The tracks were: And All The Gods Made Love; (Have You Ever Been To) Electric Ladyland; Crosstown Traffic; Voodoo Child; Rainy Day, Dream Away; 1983 (A Merman I Should Turn To Be); Moon, Turn The Tide…Gently, Gently Away; Little Miss Strange; Long Hot Summer; Come On; Gypsy Eyes; the Burning Of The Midnight Lamp; Still Raining, Still Dreaming; House Burning Down; All Along The Watchtower; Voodoo Child (Slight Return).

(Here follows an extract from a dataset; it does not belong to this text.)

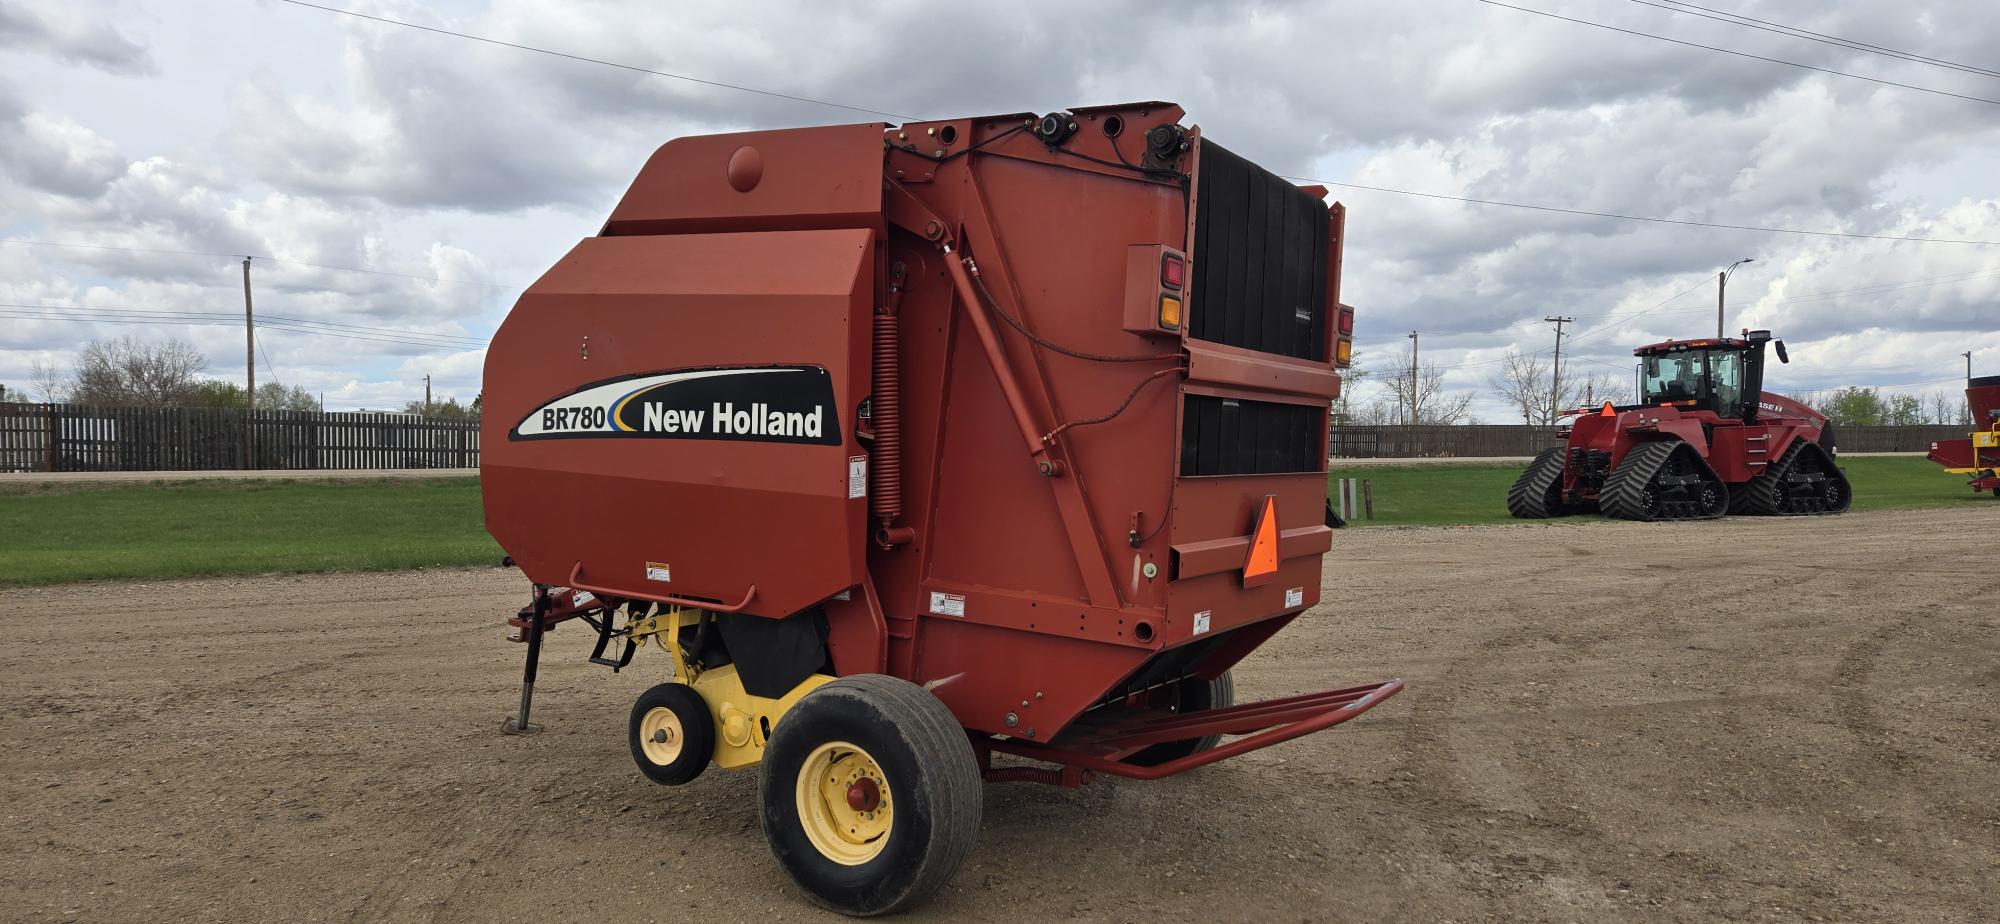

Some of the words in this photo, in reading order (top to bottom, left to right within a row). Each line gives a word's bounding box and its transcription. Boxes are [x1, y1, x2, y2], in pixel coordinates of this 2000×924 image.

[542, 406, 605, 430] BR780
[643, 402, 704, 433] New
[712, 402, 822, 437] Holland

There were problems at the recording sessions, which caused producer/manager Chas Chandler to abandon the production and sell his management shares to Mike Jeffrey. Chas produced ‘Crosstown Traffic’, The Burning Of The Midnight Lamp’ and ‘All Along the Watchtower’, but wasn’t prepared to continue after the problems recording ‘Gypsy Eyes’ at the Record Plant in New York. Chas commented, “Drugs didn’t get in the way of shows, and it didn’t get in the way of recording, but I thought it was getting in the way of his brain…mainly acid. It was fu**ing madness”.

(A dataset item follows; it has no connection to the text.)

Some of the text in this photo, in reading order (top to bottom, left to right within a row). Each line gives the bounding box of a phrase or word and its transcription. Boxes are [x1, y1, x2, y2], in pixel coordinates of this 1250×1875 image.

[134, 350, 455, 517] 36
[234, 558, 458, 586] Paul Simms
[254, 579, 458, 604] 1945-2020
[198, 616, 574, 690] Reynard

The track actually took 41 takes and Chas said: “Jimi would turn up at the studio with a dozen hangers-on who you’ve never seen before in your life. You used a sort of shorthand conversation in the studio when there’s nobody around but when there’s an audience around, people get uptight. It changes the atmosphere in the studio. He wanted me to go over and over songs, some things he’d got in the first take. I just couldn’t communicate with him. I felt like an alien"
Electric Ladyland - The Jimi Hendrix Experience

Electric Ladyland - The Jimi Hendrix Experience . Eric Burdon was to say, “Would he listen to Chas? No. So Chas got to the point of like, ‘Oh, I can’t deal with that crazy nigger any more, it’s too much of a drain on me’ and so the window of opportunity was there for Mike Jeffrey to walk right in and scoop it all, and I knew that something dodgy was gonna happen. But I never dreamt it would lead to his death.”
The British sleeve of Electric Ladyland was considered too risqué. Many shops sold the album in brown paper bags! Hendrix himself disliked the cover and said it detracted from the music. The record company was happy with the controversy and publicity. The idea for the cover came from Chris Stamp and David King, art director of Track Records.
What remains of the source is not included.